Avinash Lakshman, Prashant Malik, and Karthik Ranganathan presented a talk at SIGMOD 2008, "Cassandra: Structured Storage System over a P2P Network", that describes a Google Bigtable-like data store used actively by Facebook.
What strikes me as remarkable about the system is its rather casual treatment of writes. As far as I can tell, a write is only sent to memory on one box, not written to disk, not even written to multiple replicas in memory. That seems fine for log or click data, but, for the kind of data Facebook deals with, it seems a little surprising to not see a requirement for multiple replicas to get the write in memory before the app is told that the write succeeded.
The code for Cassandra is open source and there is a wiki that adds a few tidbits to the SIGMOD slides. Note that HBase is also open source and also is modeled after Google's Bigtable; HBase is layered on top of Hadoop and sponsored heavily by Yahoo.

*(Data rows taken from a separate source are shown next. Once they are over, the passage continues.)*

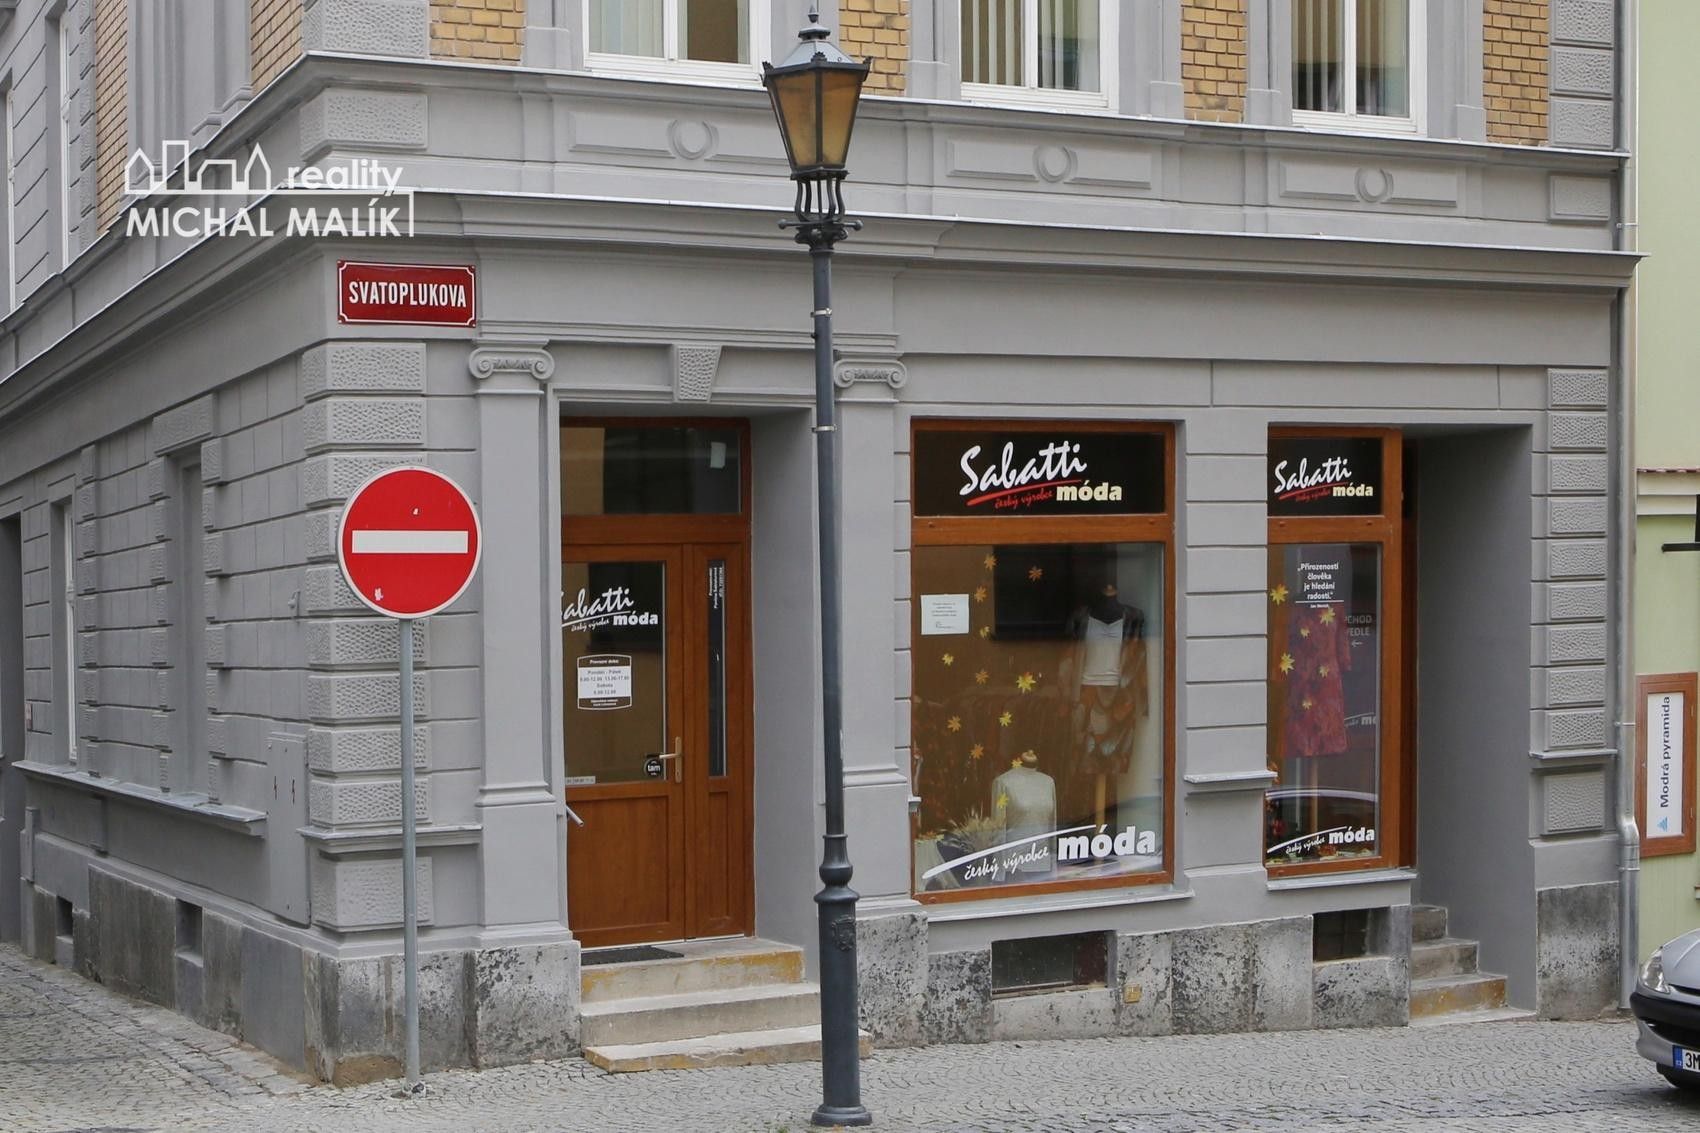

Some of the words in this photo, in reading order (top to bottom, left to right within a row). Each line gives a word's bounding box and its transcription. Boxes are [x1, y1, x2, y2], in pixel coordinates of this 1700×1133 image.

[348, 281, 467, 308] SVATOPLUKOVA
[959, 440, 1088, 496] Sabatti
[1274, 456, 1352, 494] Sabatti
[1056, 480, 1123, 501] móda
[1332, 483, 1374, 497] móda
[561, 586, 634, 620] abatti
[613, 610, 659, 626] móda
[1344, 614, 1373, 625] CHOD
[1660, 696, 1672, 762] pyramida
[1660, 762, 1671, 809] Modrá
[1328, 825, 1376, 845] móda
[963, 857, 1000, 881] český
[1002, 842, 1049, 875] výrobce
[1057, 823, 1156, 861] móda

Please see also James Hamilton, who posts a summary of the slides and brief commentary, and Dare Obasanjo, who offers more detailed commentary on Cassandra.
Please see also my post, "Highly available distributed hash storage from Amazon", about Amazon's Dynamo (PDF). There are similarities in the design and references in the wiki that suggest that Facebook's Cassandra was influenced by Amazon's Dynamo.
If you are interested in all things Bigtable, you might also enjoy Phil Bernstein's post, "Google Megastore", that summarizes a Google talk at SIGMOD 2008 on a storage system they built on top of Bigtable that adds transitions and additional indexes, among other things.
Update: Avinash Lakshman swings by in the comments and clarifies that Cassandra does have a commit log, so writes do go to disk on at least one machine immediately. A write first updates the commit log, then updates the memory tables, and, finally, in batch some time later, goes out to all the tables on disk.